A real incrementality test requires a holdout population that received no exposure to the intervention, not a lower dose, not a delayed exposure, not a different creative. No exposure. That means either geo-based holdouts (entire markets receive no treatment), PSA (Public Service Announcement) substitution (control group sees a neutral ad instead of your ad), or matched-pair design with clean separation.
What most teams actually run: they look at conversion rates for users who clicked their ad versus users who did not. That is not a lift test. That is a self-selected comparison between users who expressed intent and users who did not. Of course the clickers convert at a higher rate. You have not measured incrementality, you have measured intent.
The observation that grounds this: any attribution model that uses last-click or assisted-click data as its input cannot measure incrementality. Those models allocate credit. They do not measure causation.
The Decision Tree With Honest Constraints
Start here: What is your traffic volume?
Below 5,000 monthly active users on the surface you are testing, use a standard A/B test with a pre-specified sample size. Calculate the minimum detectable effect before you start. Do not run a bandit.
Above 5,000 monthly active users, continue.
What is your reward signal latency?
If the outcome you care about surfaces within 24 hours, a bandit is a legitimate option if a data scientist owns the reward function.
If the outcome takes more than 48 hours, use a fixed-horizon A/B test. The bandit's exploration budget will be wasted.
How long can you hold a holdout?
If your organization can commit 8+ weeks without collapsing the holdout, run one on any feature that could plausibly produce novelty-driven short-term gains. New feeds, redesigned navigation, social features. Hold it for 90 days.
If you cannot hold it, acknowledge that your A/B result is a short-term proxy, not a long-term impact measurement. Label it that way in your readout.

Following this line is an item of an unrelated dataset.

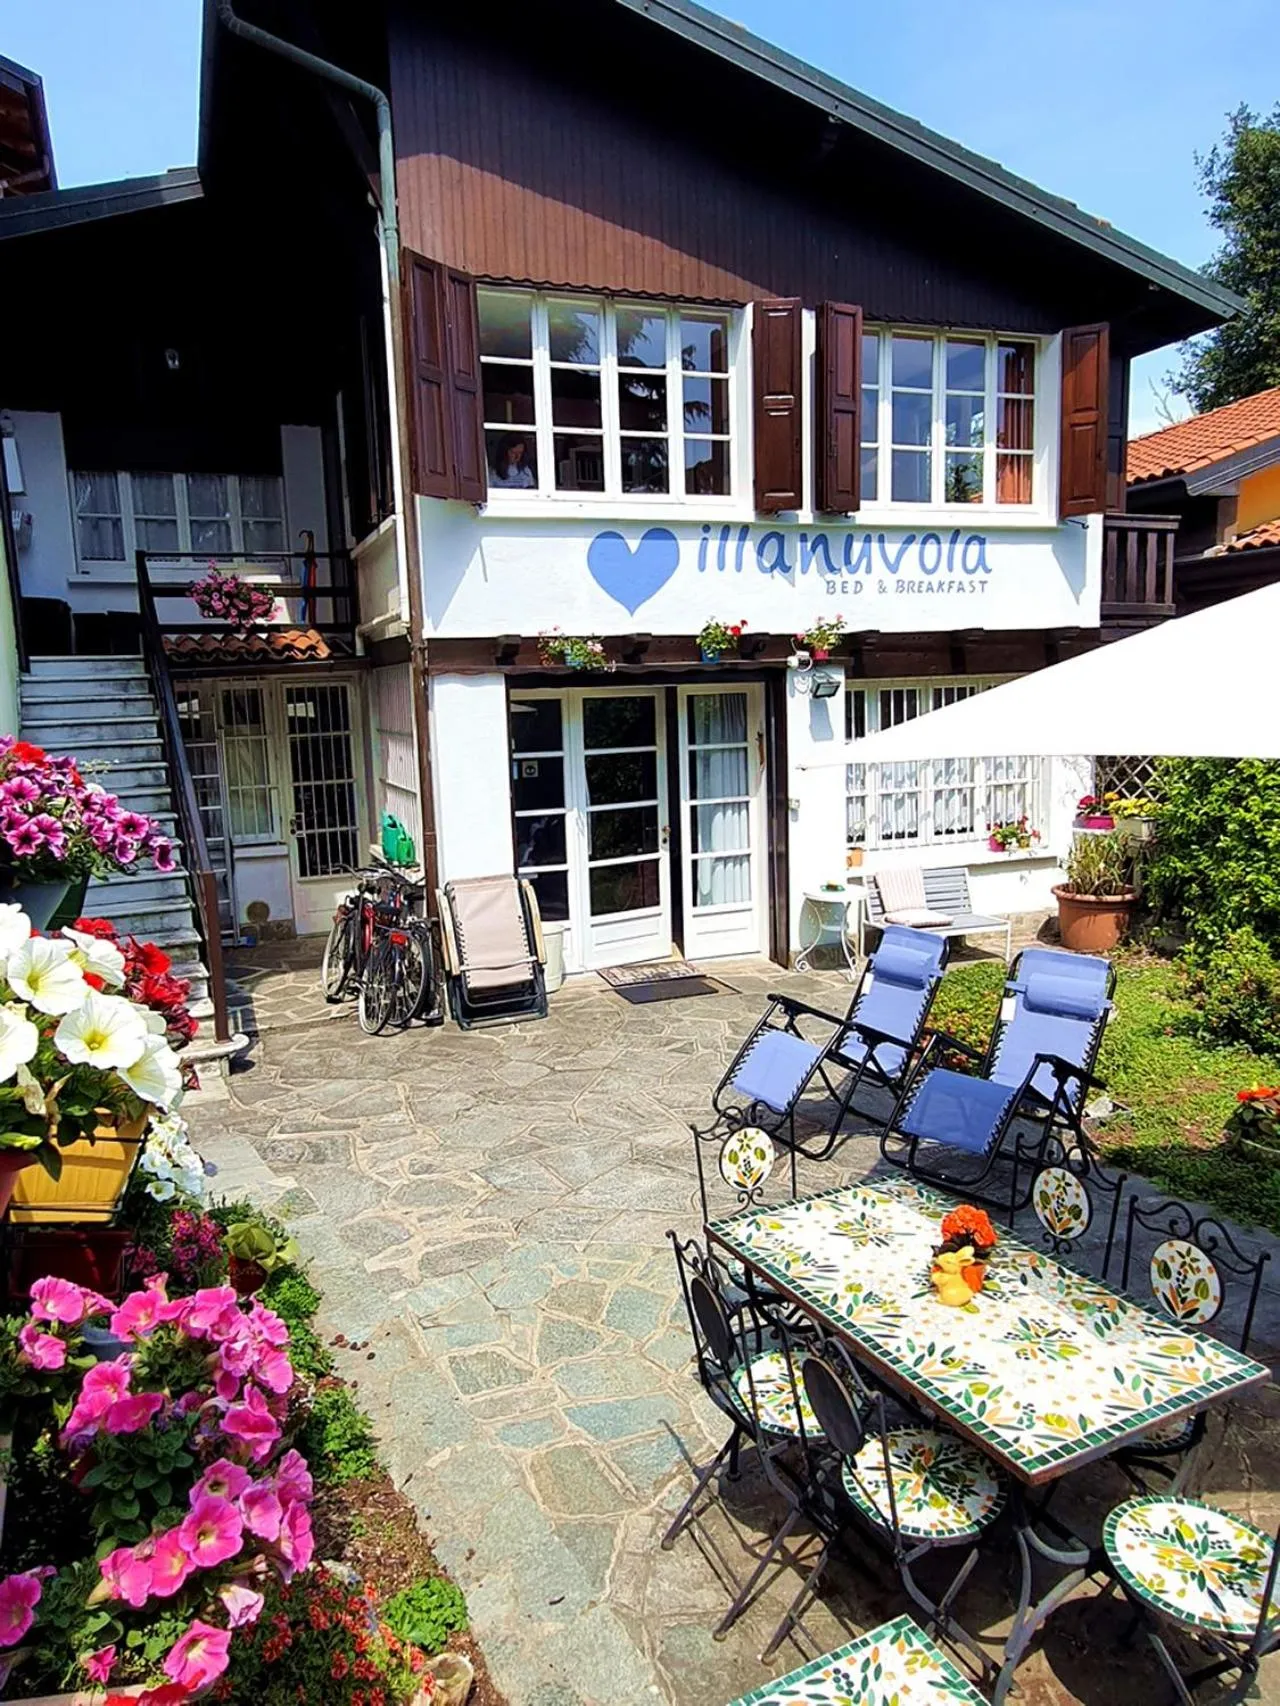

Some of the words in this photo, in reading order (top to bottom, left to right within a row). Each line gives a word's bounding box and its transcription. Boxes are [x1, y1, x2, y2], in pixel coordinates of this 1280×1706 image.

[826, 580, 863, 595] BED
[877, 579, 888, 594] &
[895, 579, 989, 594] BREAKFAST

Are you measuring a paid channel?
If yes, and you want to claim the channel drives incremental conversions, you need geo-based holdouts or PSA substitution, minimum traffic that supports 80% power at your expected lift. If you cannot meet that bar, report the channel's attributed conversions and explicitly note that incrementality has not been measured. Do not call it a lift test.
Judgment Turn
The pressure to run sophisticated experiments is real. It comes from leadership wanting to show rigor, from data scientists wanting interesting problems, and from PMs wanting to signal that they understand statistics.
The method that produces the best decision is the one calibrated to your actual traffic, your actual reward signal latency, and your actual organizational patience. A two-week A/B test on a feature that needs a 12-month holdout to be meaningful is not rigorous, it is fast, which is a different thing. A bandit on a low-traffic surface with a slow reward signal is not efficient, it is broken, invisibly.

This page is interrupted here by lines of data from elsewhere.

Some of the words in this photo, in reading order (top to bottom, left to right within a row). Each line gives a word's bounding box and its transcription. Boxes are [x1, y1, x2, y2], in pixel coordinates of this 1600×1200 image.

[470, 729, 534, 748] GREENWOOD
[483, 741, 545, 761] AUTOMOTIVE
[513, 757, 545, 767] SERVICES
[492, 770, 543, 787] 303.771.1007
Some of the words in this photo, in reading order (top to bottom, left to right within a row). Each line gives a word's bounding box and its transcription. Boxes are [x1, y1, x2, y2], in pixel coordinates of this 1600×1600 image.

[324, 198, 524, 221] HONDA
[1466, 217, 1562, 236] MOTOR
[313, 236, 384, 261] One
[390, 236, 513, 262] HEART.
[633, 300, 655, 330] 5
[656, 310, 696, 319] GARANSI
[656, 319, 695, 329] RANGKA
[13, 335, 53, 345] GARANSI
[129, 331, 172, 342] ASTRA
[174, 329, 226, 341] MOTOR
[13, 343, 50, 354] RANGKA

The cost of the wrong experiment is not a bad result. It is a confident, clean-looking result that answers a question you were not asking, and that result will survive in your team's institutional memory as evidence that the feature works, or does not work, long after anyone can remember how it was measured.
Key Takeaways
- Each experimental method answers a structurally different question. Deploying the wrong one gives you a confident answer to the wrong question.

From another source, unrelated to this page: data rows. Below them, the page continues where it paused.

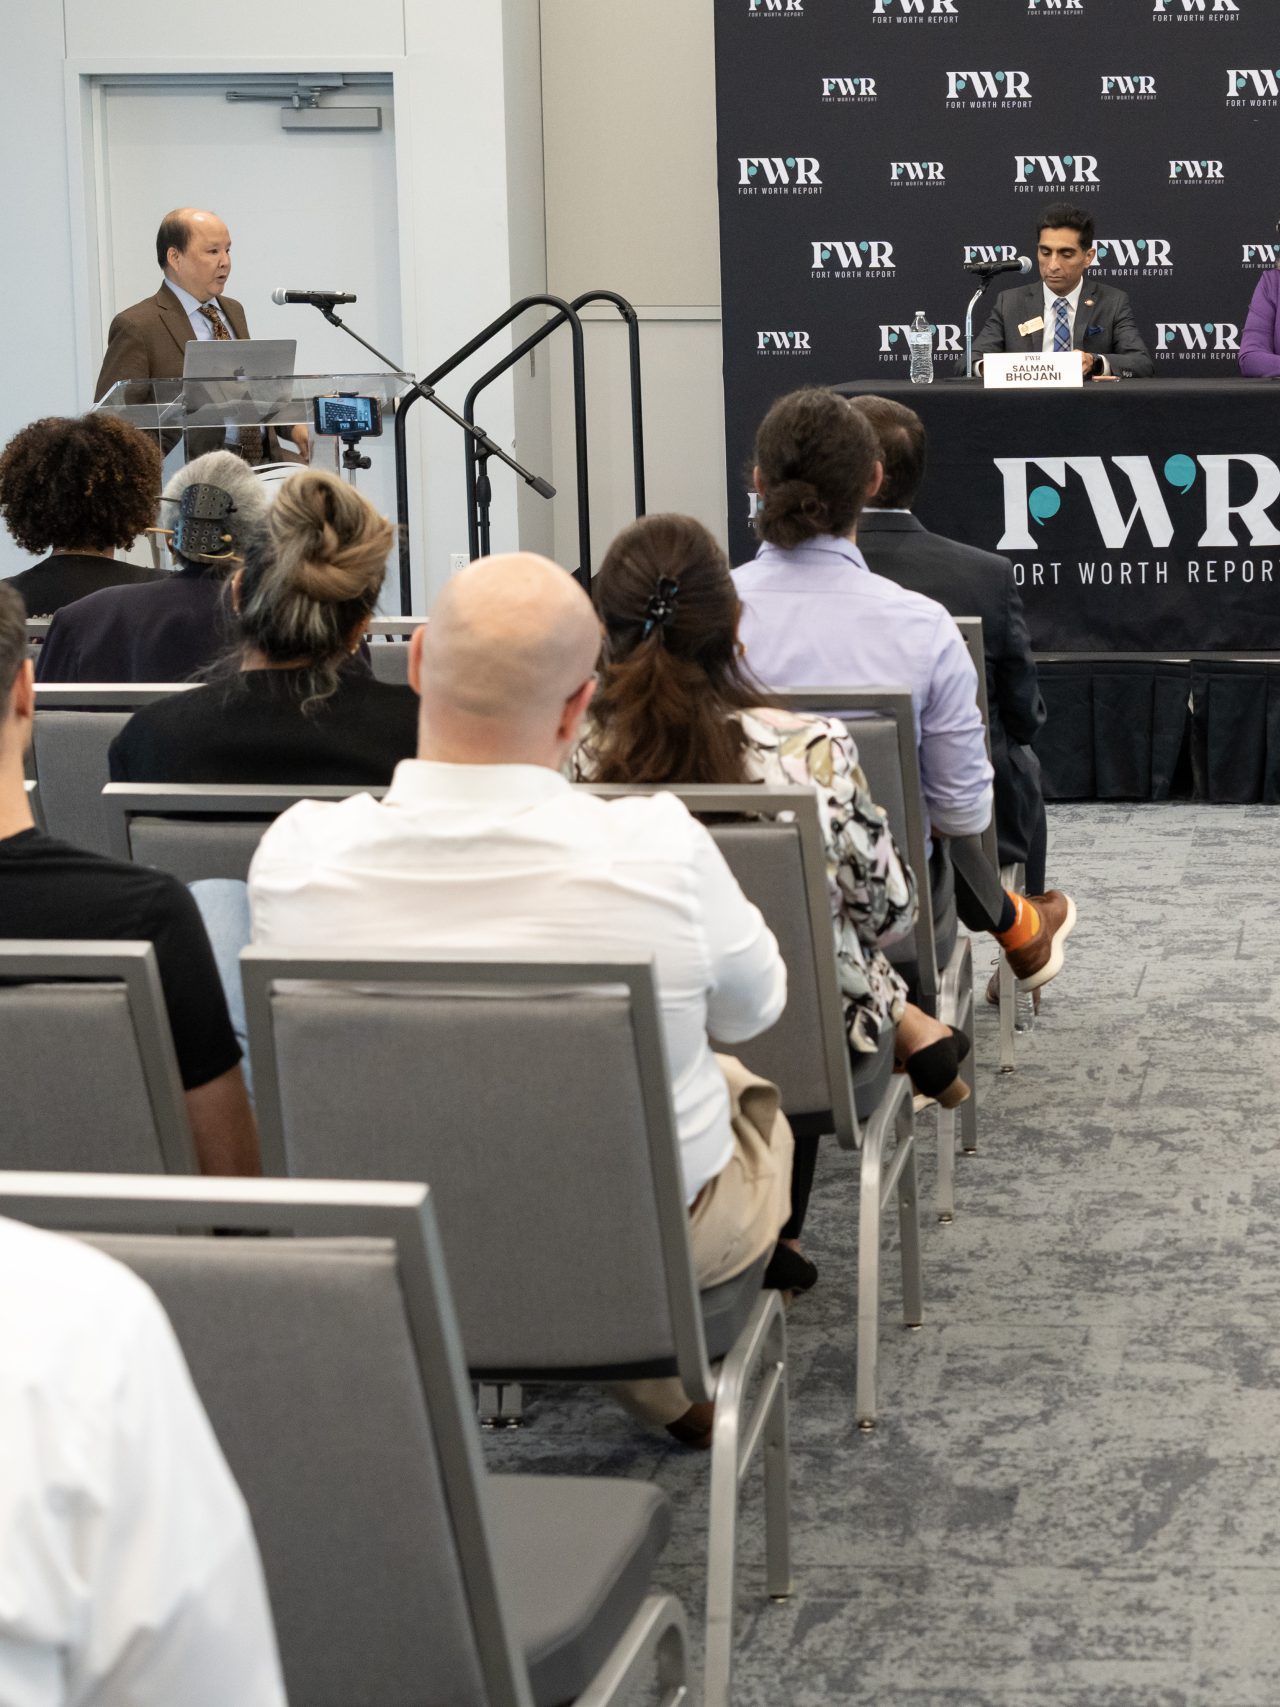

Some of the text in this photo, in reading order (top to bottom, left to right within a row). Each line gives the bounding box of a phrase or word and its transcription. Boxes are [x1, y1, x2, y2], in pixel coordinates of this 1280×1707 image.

[872, 15, 959, 24] FORT WORTH REPORT
[1152, 13, 1240, 22] FORT WORTH REPORT
[822, 78, 877, 95] FWR
[946, 71, 1032, 98] FWR
[1101, 76, 1156, 93] FWR
[945, 100, 1033, 109] FORT WORTH REPORT
[1225, 98, 1247, 107] FORT
[1249, 98, 1278, 107] WORTH
[738, 158, 822, 184] FWR
[891, 162, 945, 179] FWR
[1015, 156, 1100, 182] FWR
[1169, 161, 1224, 178] FWR
[738, 186, 823, 195] FORT WORTH REPORT
[1013, 184, 1101, 193] FORT WORTH REPORT
[811, 241, 896, 268] FWR
[964, 245, 1017, 264] FWR
[1090, 239, 1174, 266] FWR
[811, 270, 896, 279] FORT WORTH REPORT
[1087, 268, 1174, 277] FORT WORTH REPORT
[757, 332, 811, 348] FWR
[1155, 323, 1240, 350] FWR
[878, 353, 899, 361] FORT
[1155, 352, 1175, 360] FORT
[1179, 352, 1206, 360] WORTH
[1012, 364, 1054, 372] SALMAN
[1006, 372, 1062, 382] BHOJANI
[1012, 562, 1062, 586] ORT
[1078, 561, 1168, 585] WORTH

- A multi-armed bandit requires a correct reward function, fast feedback signals, and high traffic volume. Without all three, a fixed A/B test is more reliable.
- A holdout group only measures long-term impact if held long enough for novelty to decay, typically 8-12 weeks minimum.
- Most teams claiming to run lift tests are measuring attributed conversions, not incremental causation. Real incrementality testing requires clean population separation at scale.
- When your traffic, reward latency, or organizational patience cannot support the sophisticated method, the simple method executed correctly produces a better decision.